◆ Task directions ◆
Starting at the line with "this 2352×1568 image." and stopping at the final line, retype the data below exactly; do not carry over any pictures.

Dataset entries
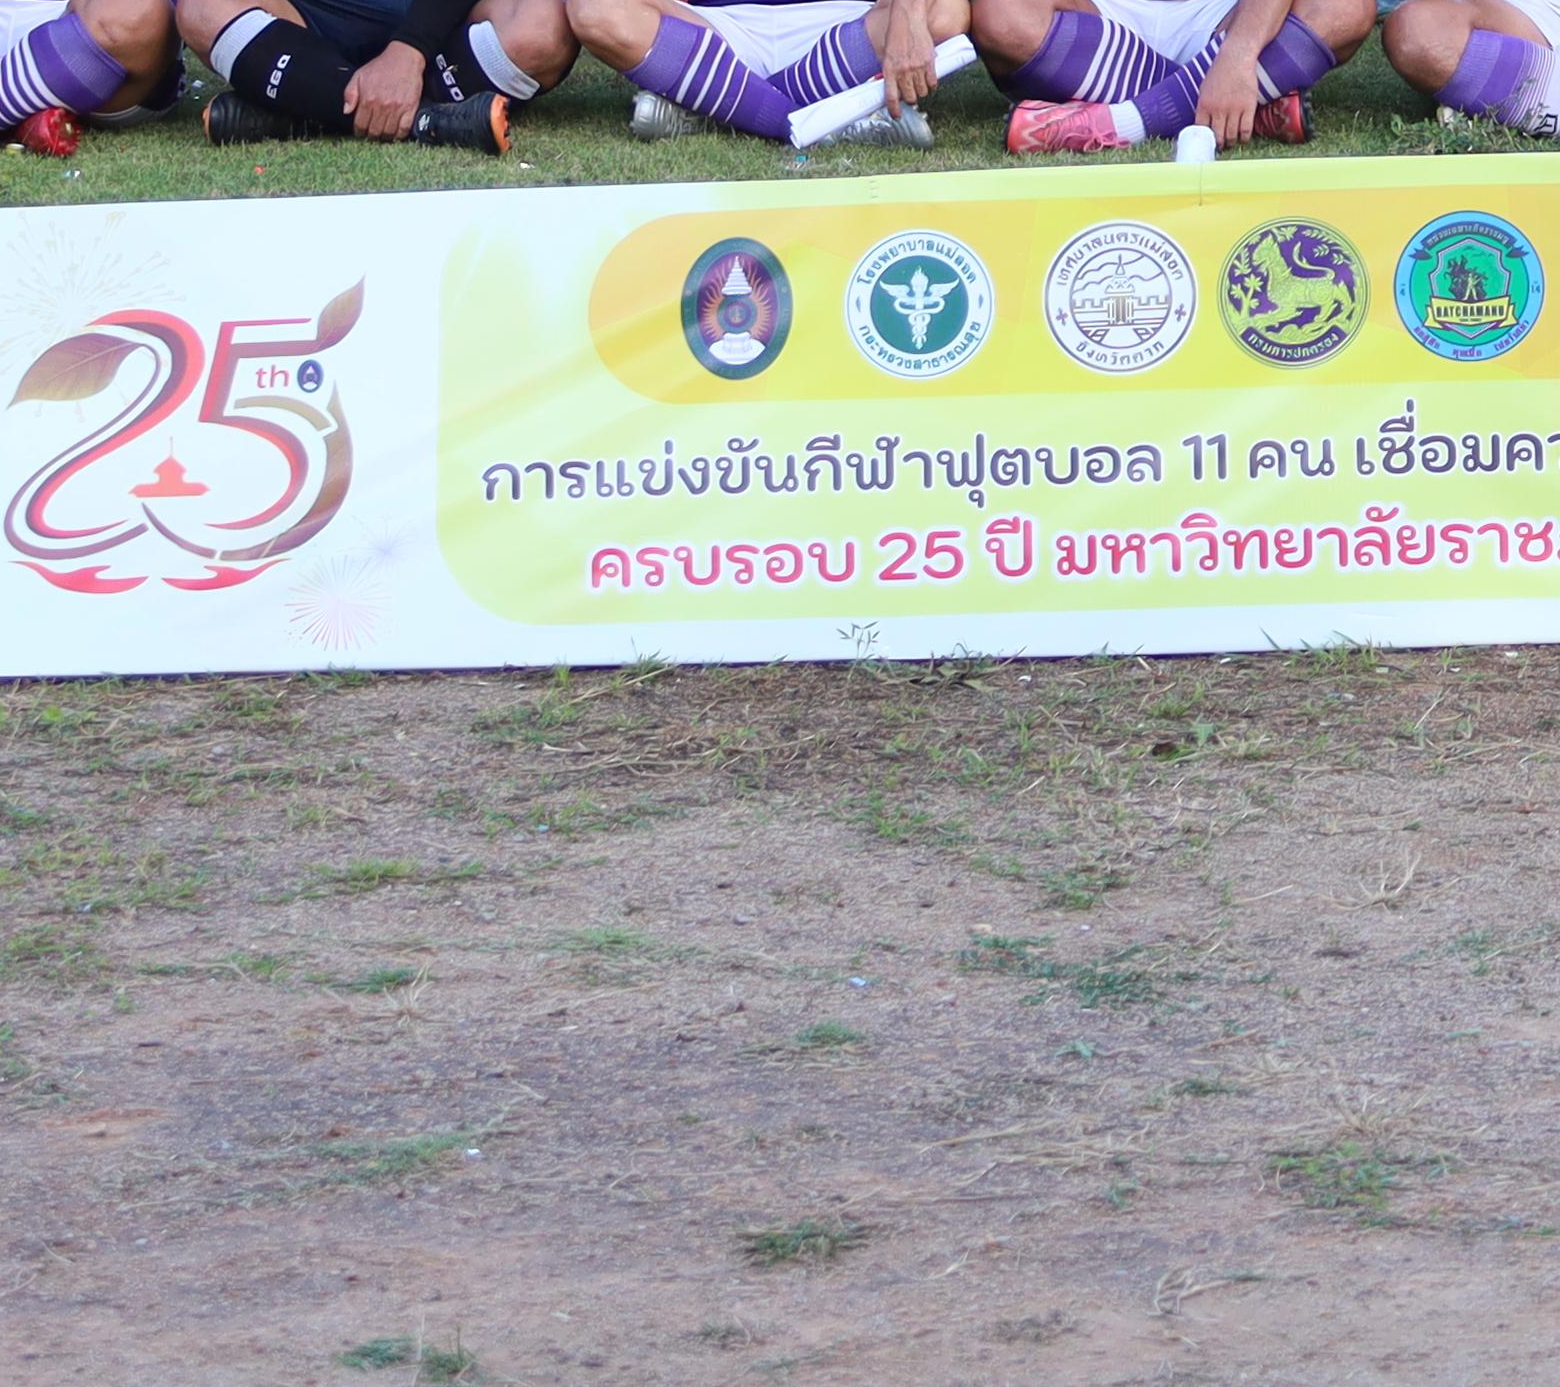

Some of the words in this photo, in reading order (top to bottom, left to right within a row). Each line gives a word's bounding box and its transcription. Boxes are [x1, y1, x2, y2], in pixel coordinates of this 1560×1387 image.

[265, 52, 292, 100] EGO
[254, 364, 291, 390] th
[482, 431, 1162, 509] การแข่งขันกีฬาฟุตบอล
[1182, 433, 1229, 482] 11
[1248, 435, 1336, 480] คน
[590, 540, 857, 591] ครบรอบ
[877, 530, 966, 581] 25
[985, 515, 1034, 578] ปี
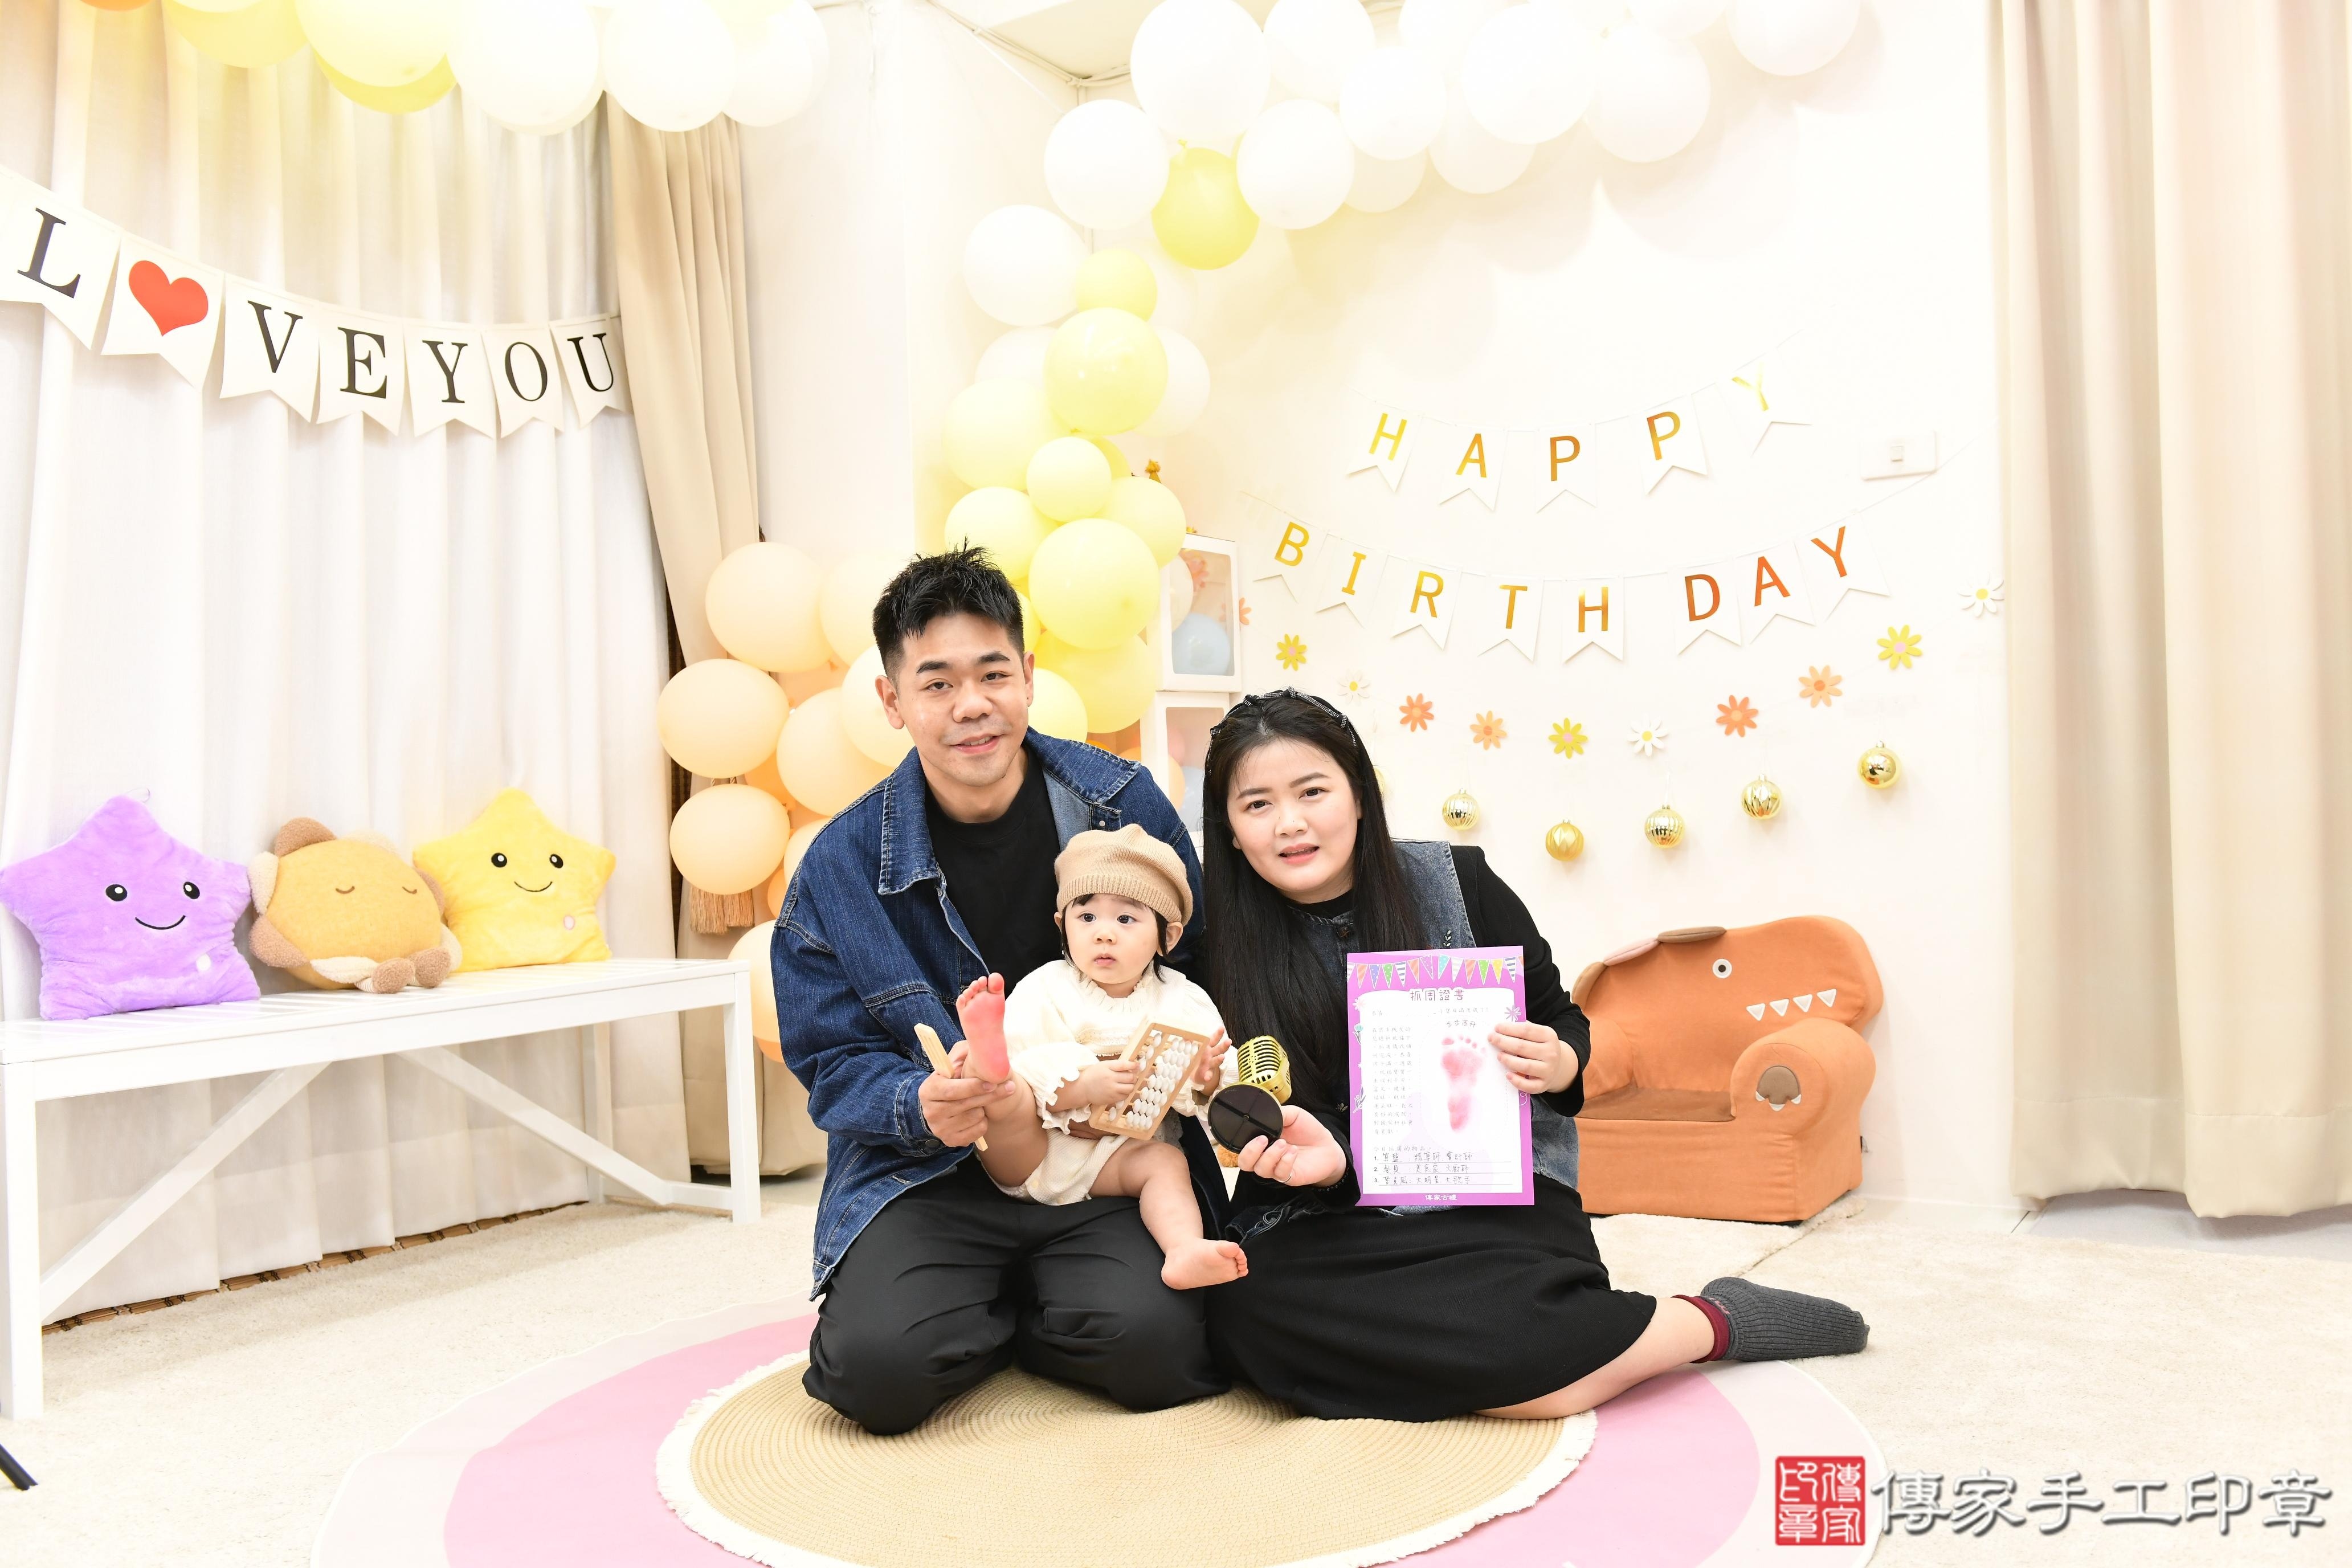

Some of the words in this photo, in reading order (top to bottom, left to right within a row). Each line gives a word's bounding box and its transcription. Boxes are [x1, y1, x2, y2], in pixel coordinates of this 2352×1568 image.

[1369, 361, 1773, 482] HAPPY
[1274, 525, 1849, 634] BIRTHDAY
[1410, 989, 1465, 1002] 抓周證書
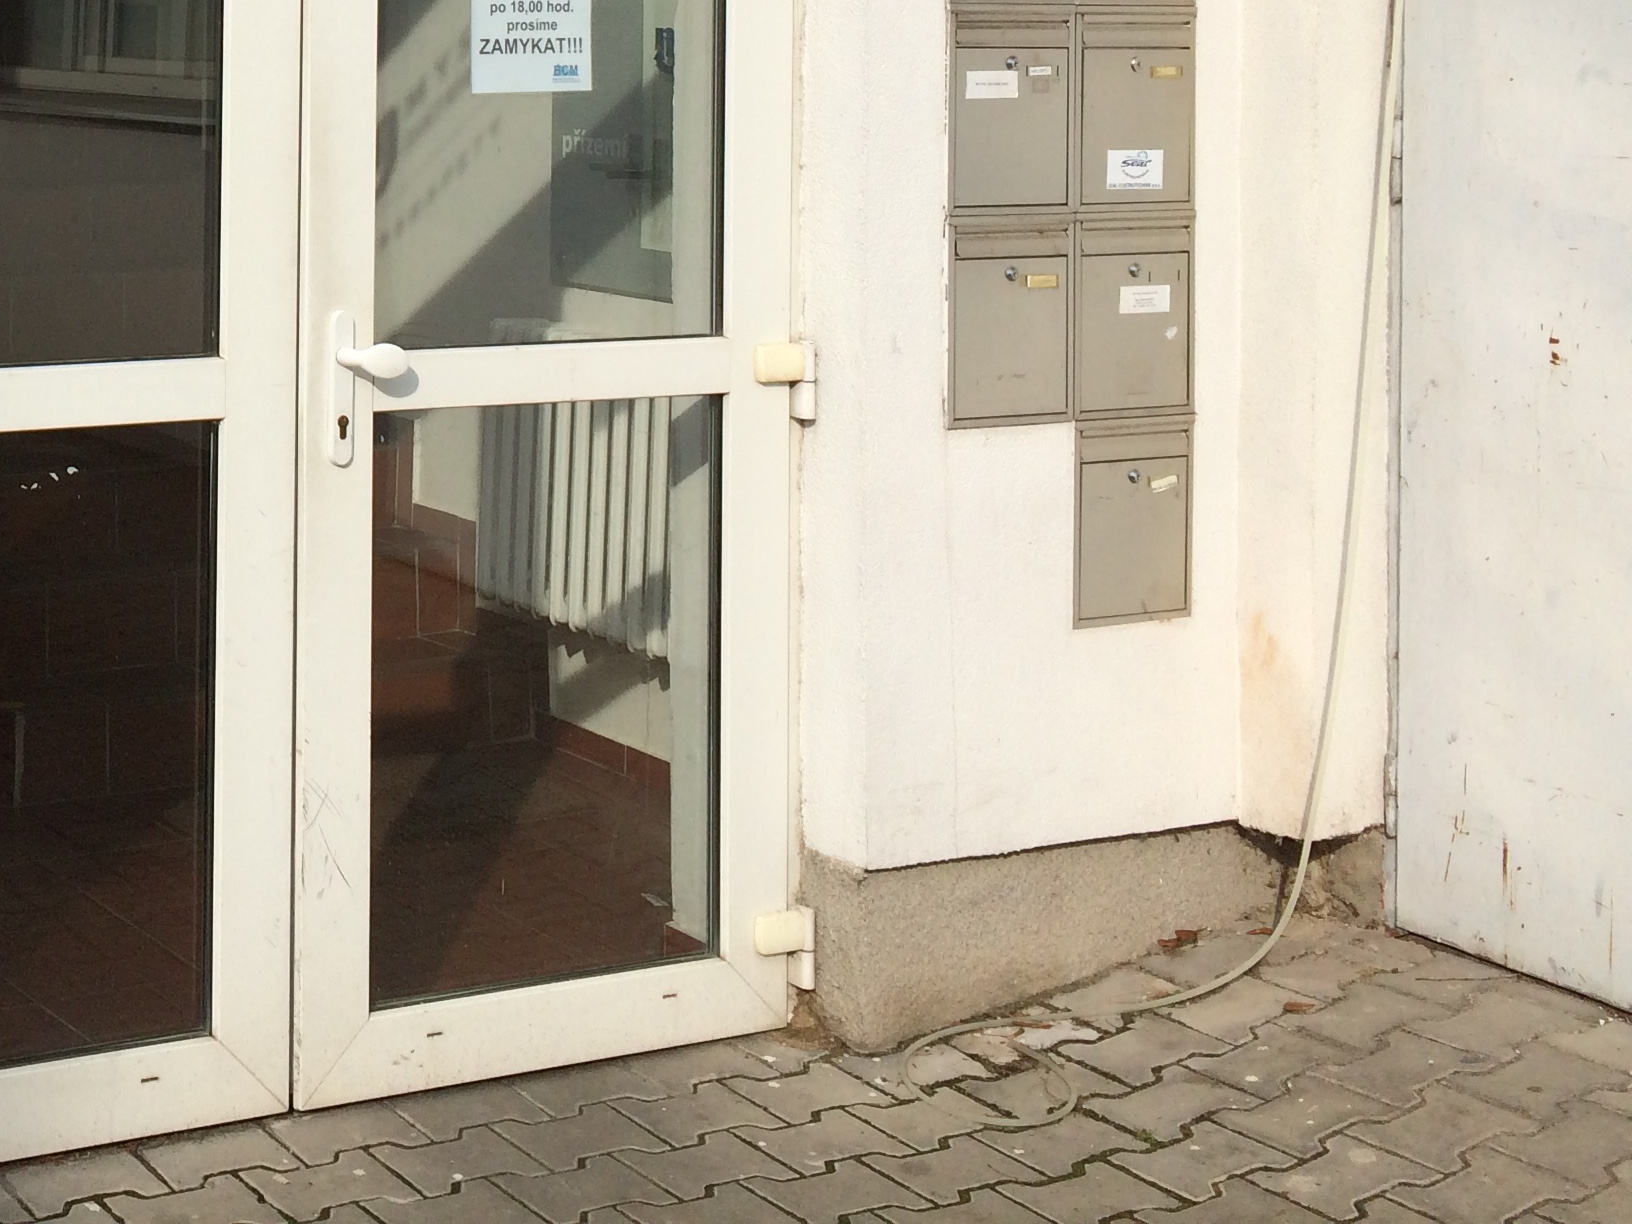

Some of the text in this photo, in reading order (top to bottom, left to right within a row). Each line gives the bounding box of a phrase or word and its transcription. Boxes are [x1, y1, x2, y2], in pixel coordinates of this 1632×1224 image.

◆ Solution to this problem ◆
Some of the words in this photo, in reading order (top to bottom, left to right within a row). Each line gives a word's bounding box and its transcription. Boxes are [x1, y1, x2, y2], in pixel coordinates of this 2352×1568 image.

[1369, 361, 1773, 482] HAPPY
[1274, 525, 1849, 634] BIRTHDAY
[1410, 989, 1465, 1002] 抓周證書

Some of the text in this photo, in reading order (top to bottom, left to right within a row). Each line gives the bounding box of a phrase or word and its transcription. Boxes are [x1, y1, x2, y2], in pixel coordinates of this 1632×1224 image.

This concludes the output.